Augment with supplements: the Parrillo bodybuilder adopts and adapts to the process. As the weeks roll by, clean calories need be systematically increased. Exercise intensity is increased, training sessions grow longer, momentum develops, muscle is built, body fat oxidized. There must be a complete commitment to nutrition. The Parrillo Nutritional Program includes a 450-gram scale; the Parrillo approach to nutrition requires total accuracy. The serious bodybuilding effort requires nutritional precision – are you able to eyeball 250 grams of brown rice or 125 grams of cod? How big a portion is 200 grams of turkey breast of 100 grams of green beans? After handling foods over and over, after repeated food prep and meal creation, a seasoned bodybuilder can “eyeball” a 250-gram portion of chicken breast or 50 grams of broccoli with great accuracy. Regular food is augmented with powerhouse Parrillo nutritional supplements. As the weeks roll by, as the bodybuilder delves deeper and deeper into the process, more clean calories are needed, more fat-free protein is needed. Two Parrillo protein shakes per day, one Optimized Whey™ shake in the morning and a Parrillo Hi-Protein™ caseinate shake before bed, provide 70 grams of protein – this goes a long way towards hitting daily protein goals. CapTri® C8 MCT becomes critical: each tablespoon contains 120 calories per level tablespoon. CapTri® C8 MCT calories are the cleanest of calories. Despite being a lipid, a fat, CapTri® C8 MCT calories go to the head of the oxidation line as soon as they are consumed. Many bodybuilders will double their caloric intake over the course of a 12-week off-season mass-building phase. Use supplements judiciously and expertly.

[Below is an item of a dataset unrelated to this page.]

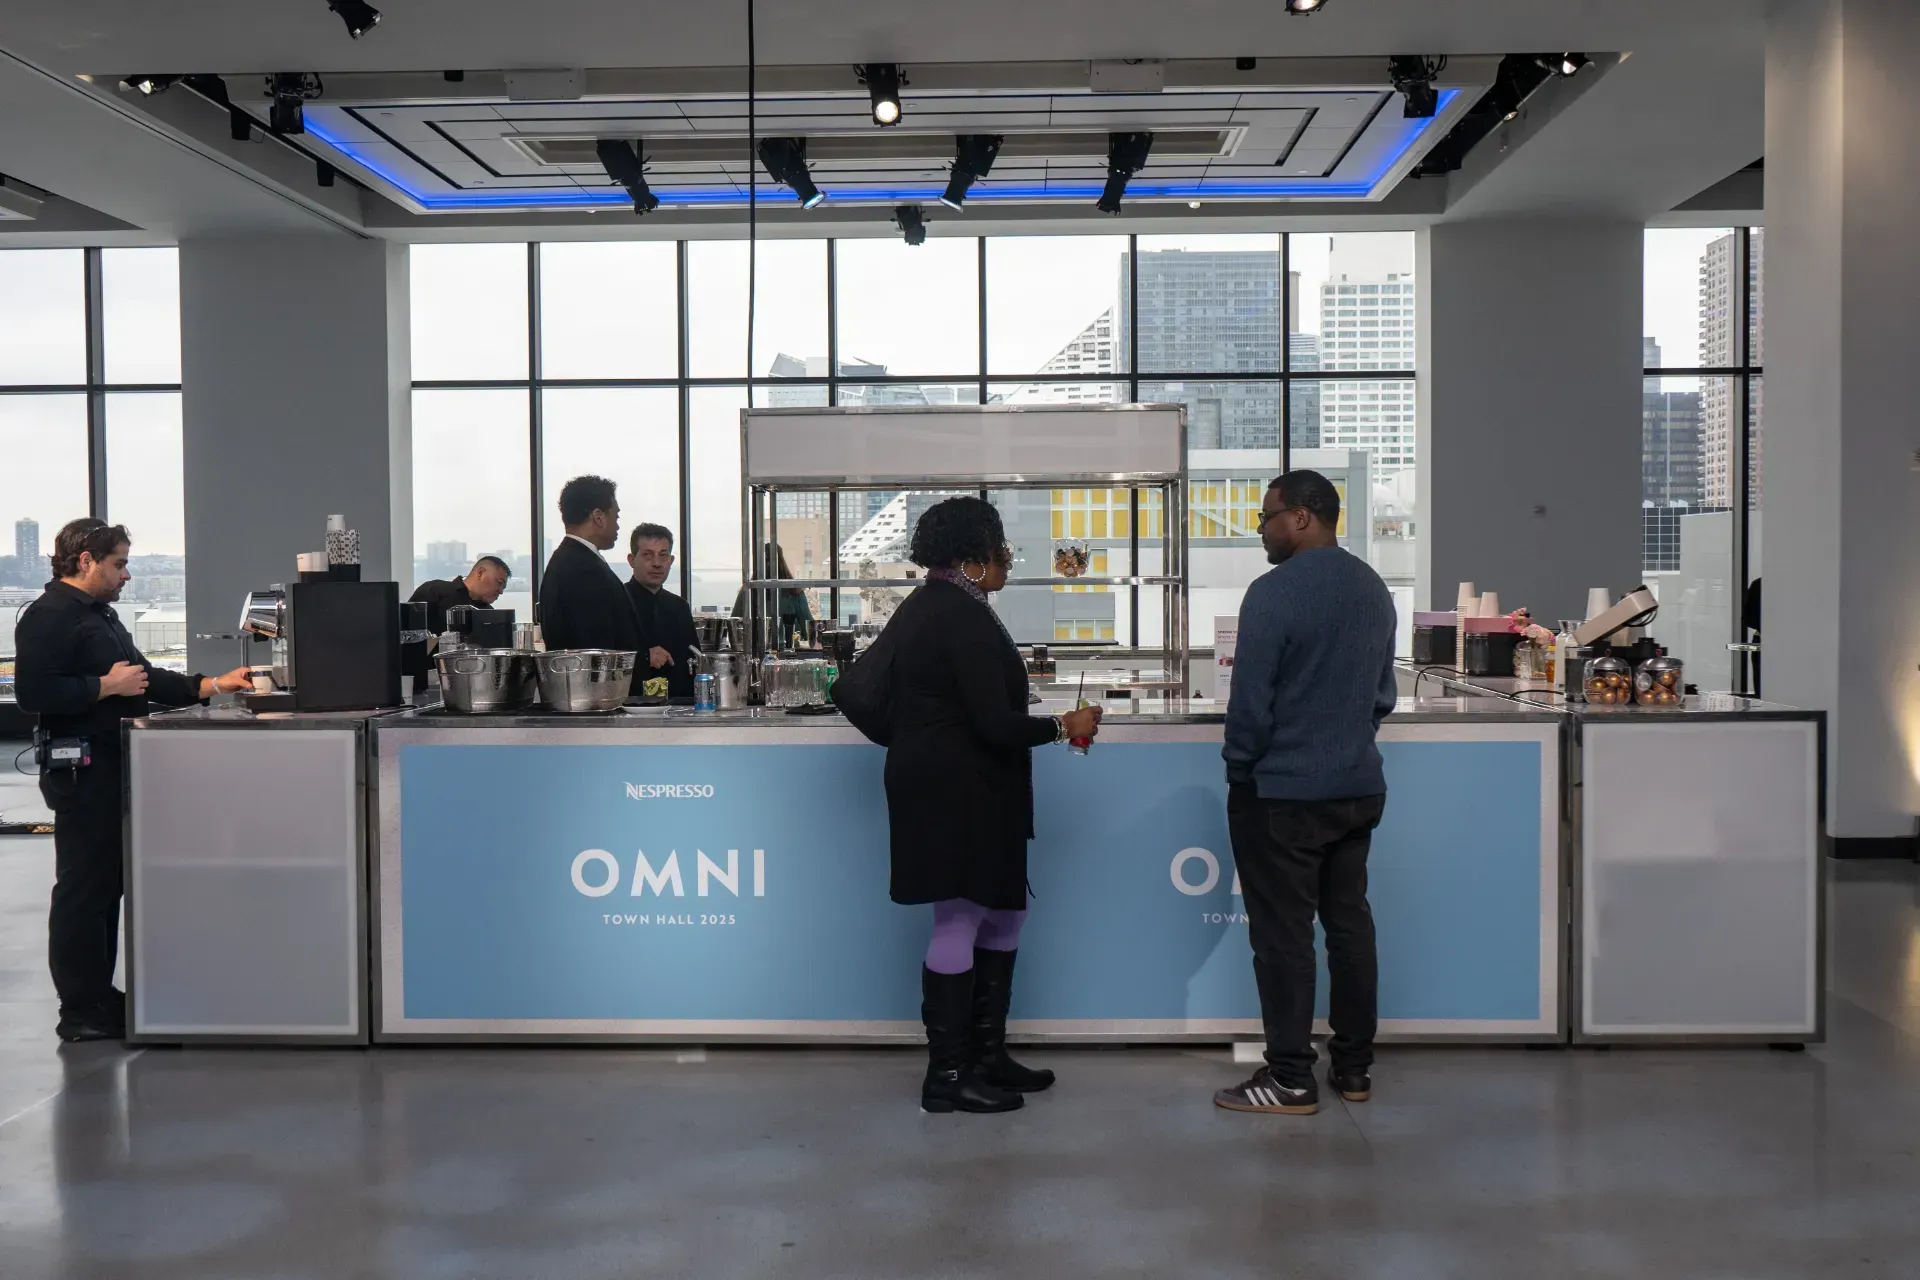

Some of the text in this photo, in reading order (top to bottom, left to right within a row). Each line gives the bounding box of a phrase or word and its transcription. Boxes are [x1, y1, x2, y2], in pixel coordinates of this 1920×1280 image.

[622, 781, 714, 800] NESPRESSO
[570, 848, 765, 897] OMNI
[602, 914, 736, 925] TOWN HALL 2025
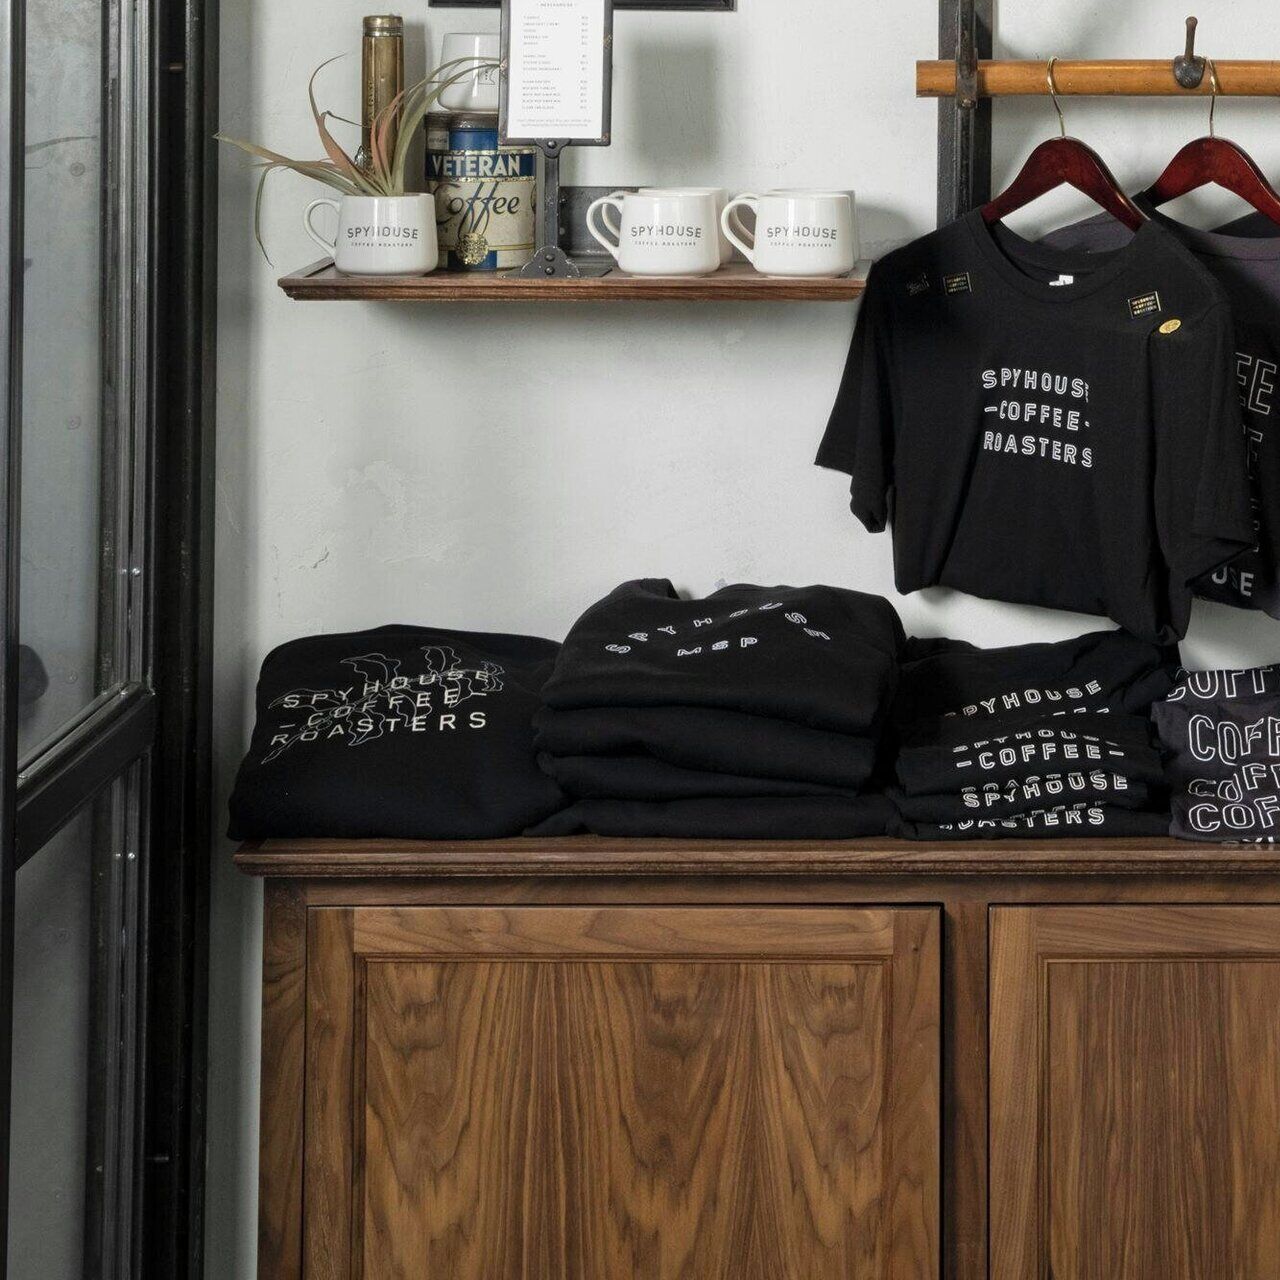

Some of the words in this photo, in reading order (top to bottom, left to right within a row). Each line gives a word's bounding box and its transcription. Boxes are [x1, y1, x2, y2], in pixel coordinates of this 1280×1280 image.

Why go to the trouble? If you are serious about taking your physique to the next level, a serious approach is needed. Most trainees have sluggish metabolisms; they under eat the wrong foods and under-train. Real gains are rooted in establishing an intense training regimen and underpinning the never-ending body shock (that is true training) with a high calorie, clean calorie, multiple meals eating approach. Those that can lock down the training and establish consistent clean eating, with lots of calories and lots of potent supplements, never fail to make sensational gains. Jump in (calorically) at a low level and lock it in for a protracted period. No bobbles or cheats. Begin building the metabolism by slowly adding small amounts of clean calories, heavily biased towards protein. Each week kick up the calories, each week kick up the cardio and each week kick up the lifting intensity. Hold the course for 8-12 weeks. Building the metabolism requires you eat more (clean fuel) in order to lose body fat. Use weekly BodyStat readings as a report card. Keep the fuel clean and the exercise intense. Eating more to lose body fat is the very definition of building the metabolism and the core principle of Parrillo-style bodybuilding.